I found out I was expecting you in September. I was in shock as I am sure you know and it took me a while to get my head around the idea of becoming a mum. However, as I settled in to the idea, I became happy with the thought and excited. When I spoke to you in the bedroom and told you I loved you and I’d always look after you I meant it and I did try as hard as I could.
I found out a couple of weeks later that you were in the wrong place. I didn’t know what to make of the news. Suddenly I know longer had you and I was devastated. It is perhaps the hardest news I’ve ever had to hear. My numbers were low so I thought it would be best if you slowly slipped away with no medical intervention. I thought this would be best for you and for me but there were other plans afoot for you and me. On 21 October, a month after I found out you were in my tube, I ruptured. I had the operation and you were removed from me.

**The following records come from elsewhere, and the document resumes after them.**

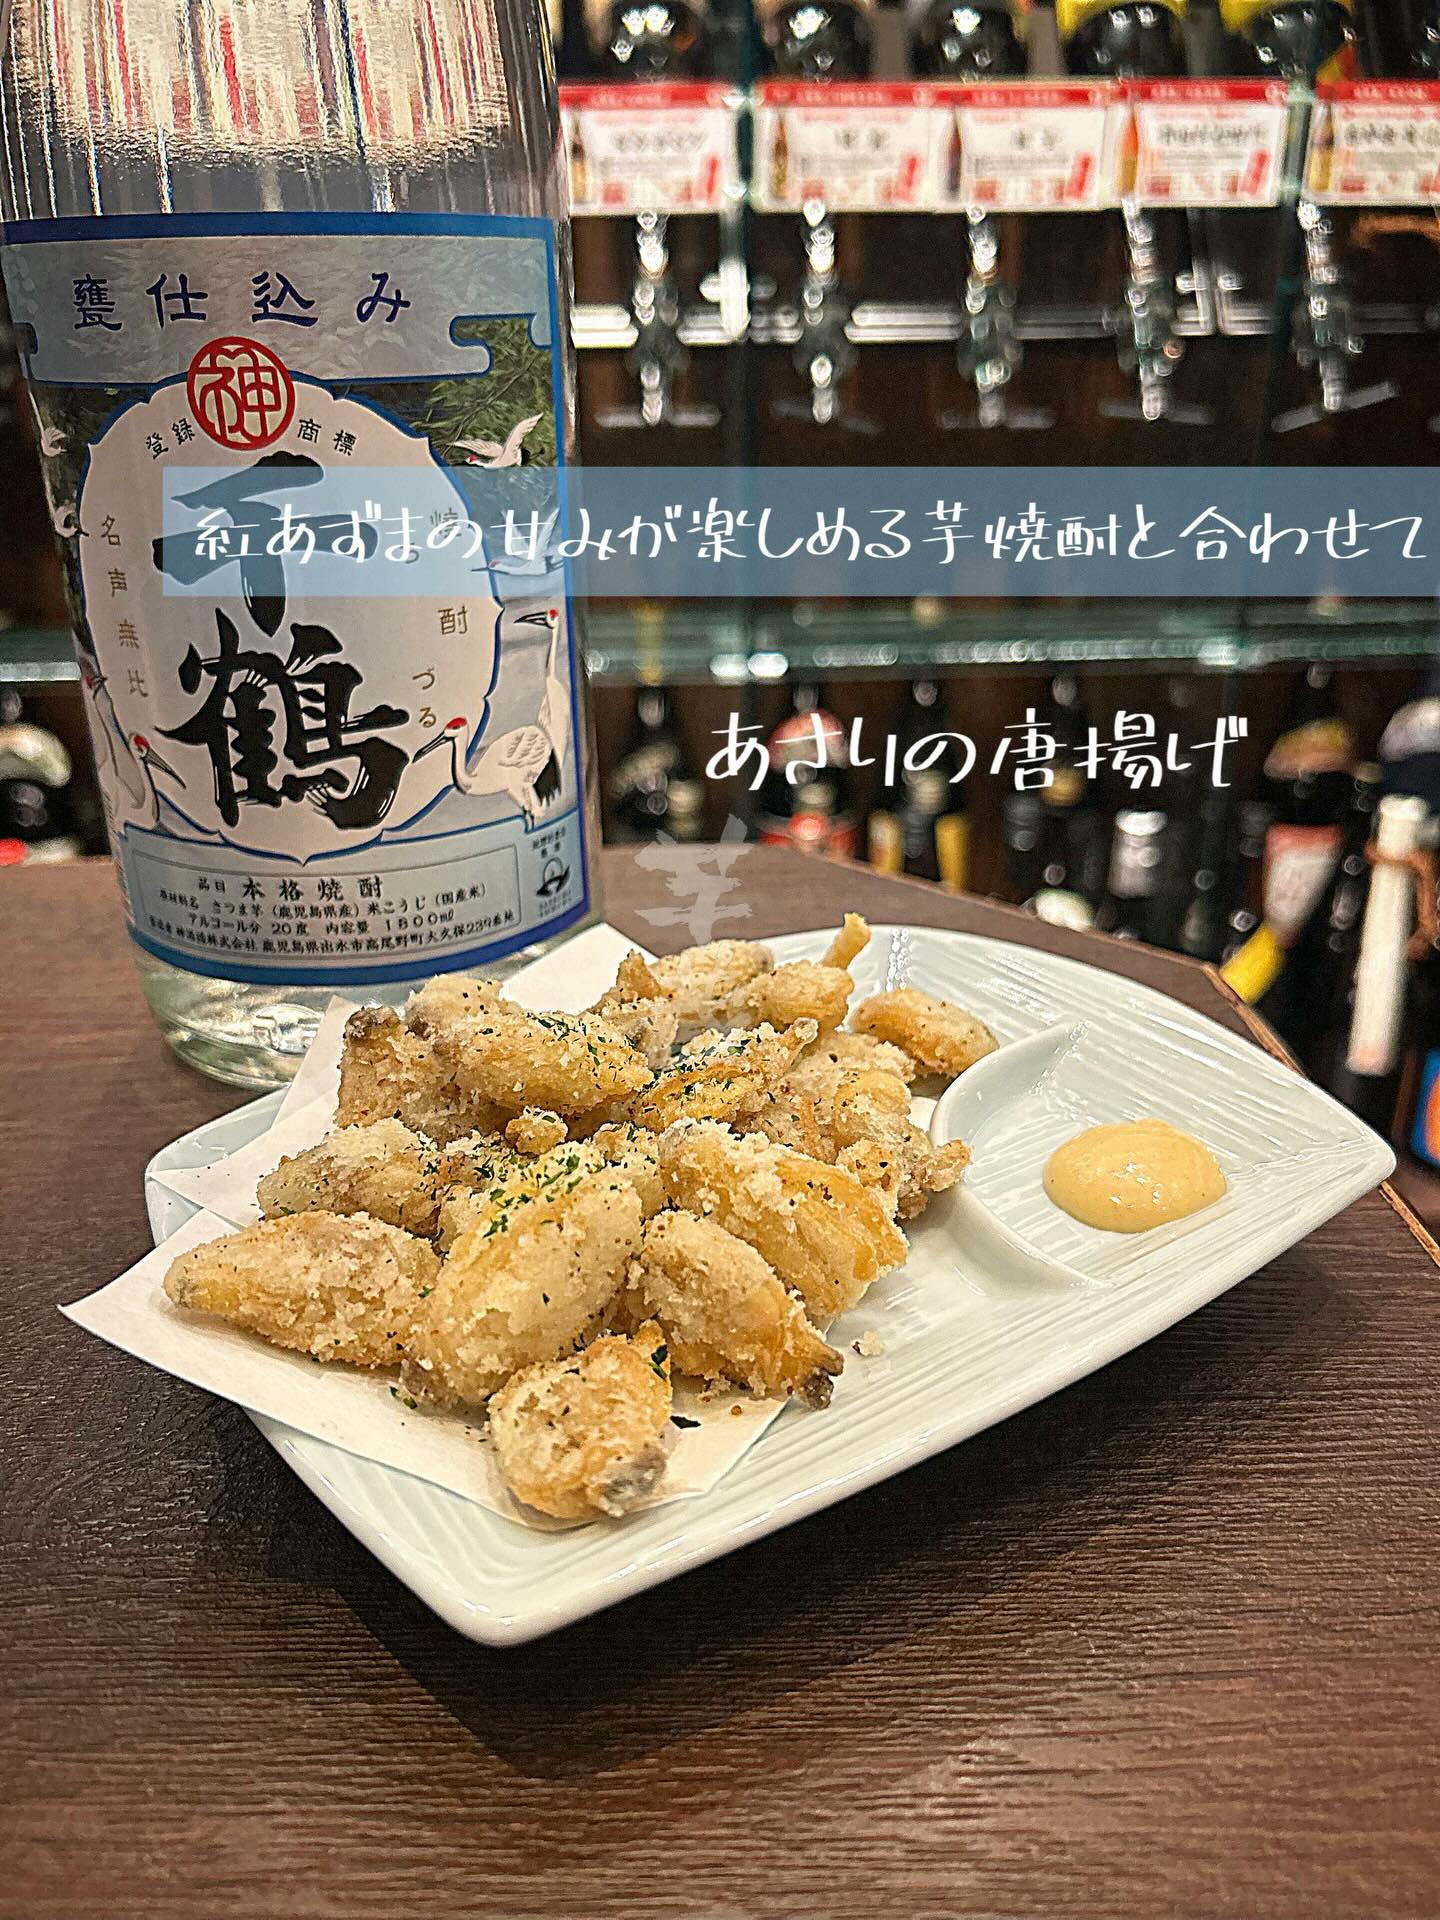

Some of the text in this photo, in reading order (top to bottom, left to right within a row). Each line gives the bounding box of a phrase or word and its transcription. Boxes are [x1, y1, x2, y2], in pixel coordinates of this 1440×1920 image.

[73, 271, 411, 330] 甕仕込み
[187, 337, 295, 449] 神
[145, 418, 357, 459] 登録 商標
[101, 514, 149, 698] 名声無比
[243, 875, 383, 901] 本格焼酎
[189, 912, 262, 935] アルコール分

My heart was broken and I’ve never felt pain like it. I felt like let you down. I’d failed you in the first place as I hadn’t been able to get you to my womb and I failed you again. I hope you know that I love you and that I never meant to let you down. You’ll always be my first baby no matter where you are and they’ll never be a time when I don’t think about you. I am just sorry I couldn’t do more for you but I hope to see you one day and hold you and tell you all you mean to me. I miss you everyday.

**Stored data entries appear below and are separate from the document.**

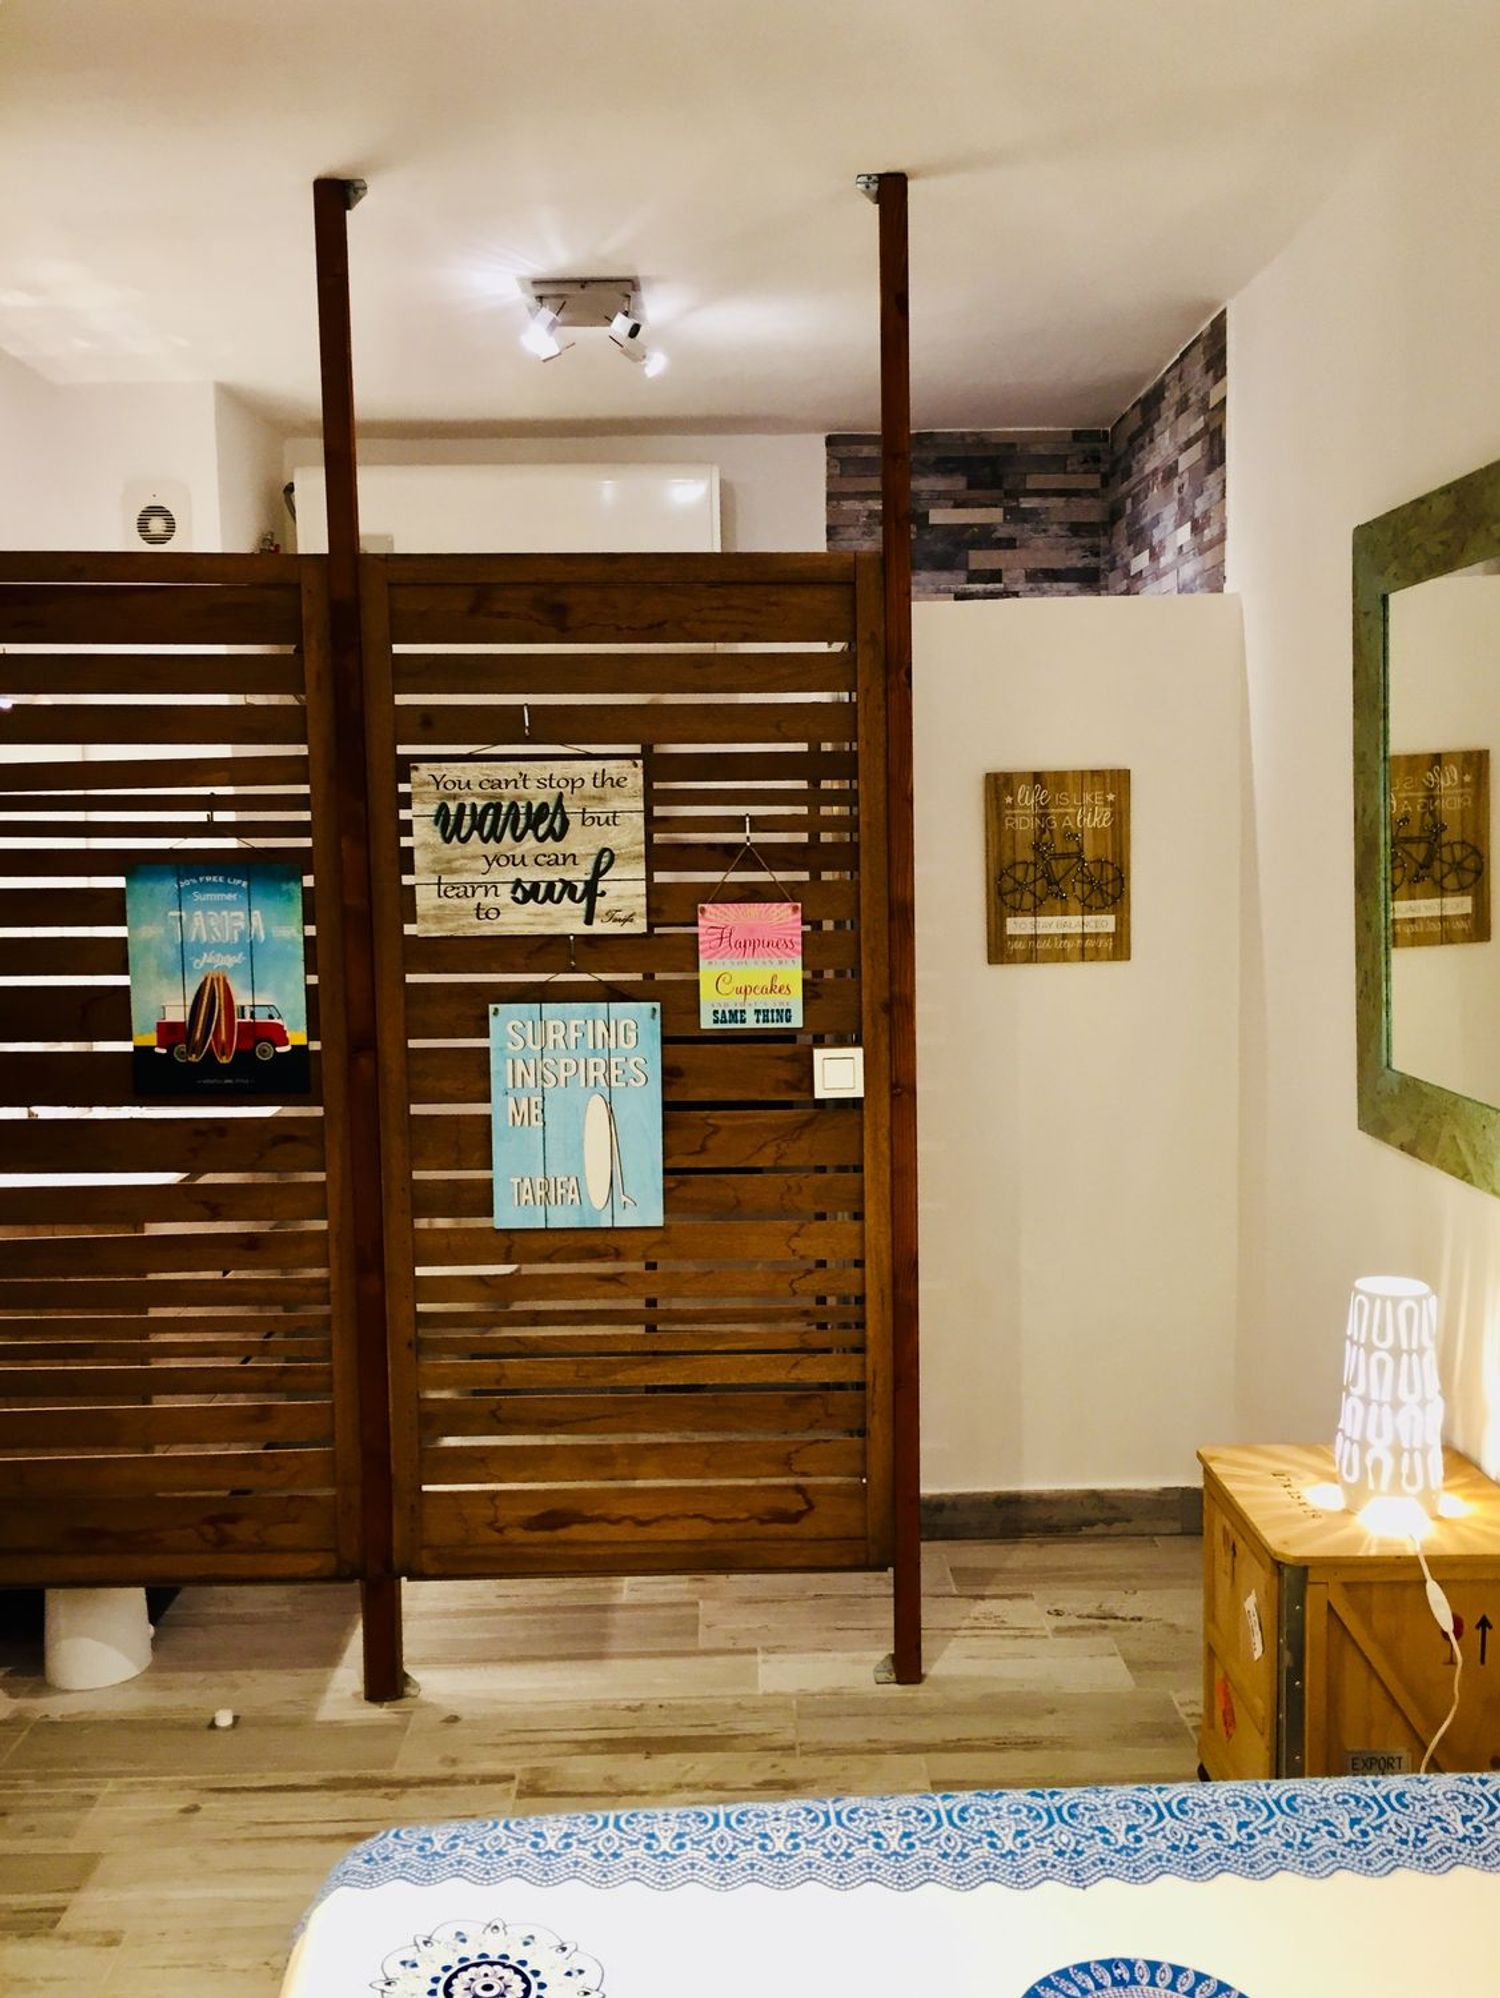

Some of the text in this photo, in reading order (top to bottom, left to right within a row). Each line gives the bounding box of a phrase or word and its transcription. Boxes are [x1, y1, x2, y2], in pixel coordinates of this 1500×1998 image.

[428, 768, 628, 795] You can't stop the
[1016, 784, 1105, 813] life IS LIKE
[433, 792, 620, 844] waves but
[1005, 808, 1115, 830] RIDING A bike
[481, 852, 579, 874] you can
[192, 890, 237, 901] Summer
[199, 875, 224, 883] FREE
[227, 877, 248, 888] LIFE
[437, 847, 615, 926] learn surf
[167, 909, 266, 944] TARIFA
[474, 902, 501, 921] to
[706, 925, 796, 958] Happiness
[715, 971, 792, 1003] Cupcakes
[712, 1008, 792, 1024] SAME THING
[506, 1018, 639, 1051] SURFING
[506, 1057, 649, 1089] INSPIRES
[508, 1095, 545, 1127] ME
[510, 1176, 582, 1207] TARIFA
[1351, 1756, 1402, 1771] EXPORT

My second baby came to me in January. I was very excited because I’d gotten pregnant so fast. I was so nervous wondering whether you’d be in the right place. I started to bleed at about 5 weeks but the nurses told me to wait until my scan. I waited and when I was scanned at 6 weeks, there you were. You were beautiful with your heartbeat beating away. The bleeding never really went away, however, and I just felt there was something wrong.

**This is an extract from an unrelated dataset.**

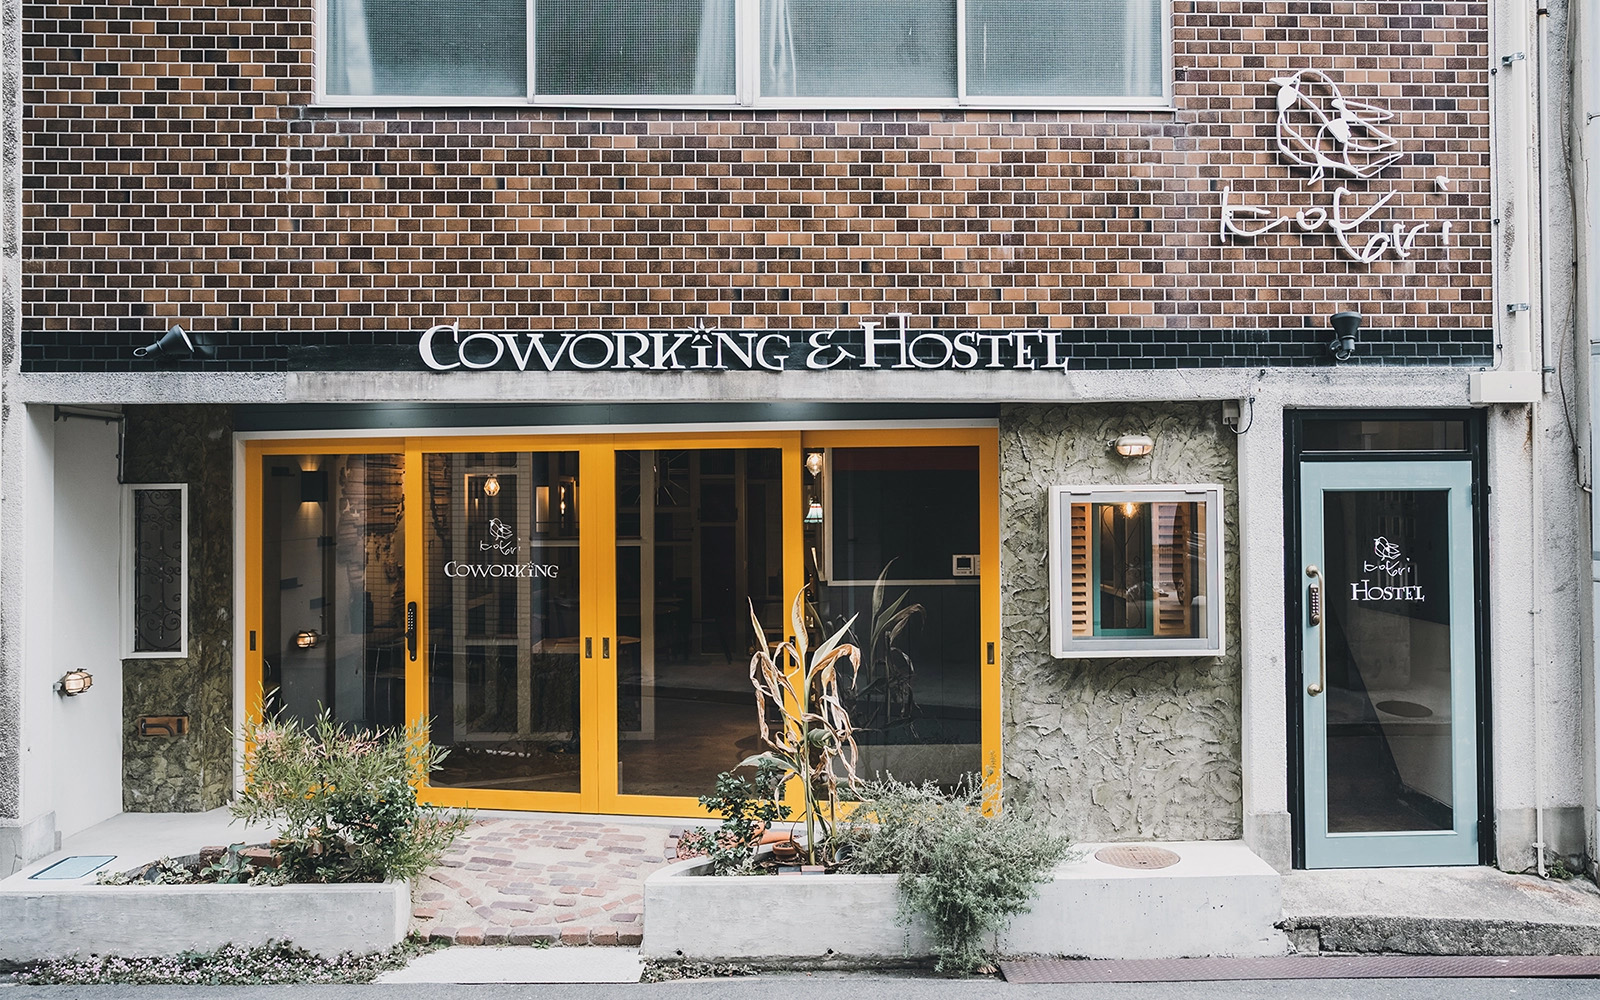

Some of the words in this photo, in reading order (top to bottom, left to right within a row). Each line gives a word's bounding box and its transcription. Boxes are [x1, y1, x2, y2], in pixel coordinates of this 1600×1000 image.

I was scanned a week and a half later and there you were again, still there with your beautiful strong heartbeat. The bleeding continued over the next couple of weeks and I just knew something wasn’t right. No matter what everyone was telling me I could sense that you wouldn’t be with me for long. I fought for you everyday and hoped, above everything else, that you would stay but there were other plans for you. I was scanned at 10 weeks and was told that your heart had stopped beating.
The pain was horrific. I wanted you back. I missed you and felt like my heart had been torn from me. I’d didn’t want to be here if you weren’t here with me. My only comfort was that you would not be alone. I now had two angels and I knew you’d both look after one another. I miss you every day. I love you and I tried everything to keep me with you. I often think of you playing with each other in the clouds and I hope that you are happy together. I will be with you one day and I will tell you how much I love you.
You both changed my life in so many ways and I will never be the same person again. You both know, I am sure, that I am pregnant again. I wouldn’t be pregnant with this baby if it wasn’t for both you and we will never ever forget you. You are both part of our family and always will be. Please look after me and this baby, I love you and I will see you one day. Until then please be happy and look after one another. I miss you and always will.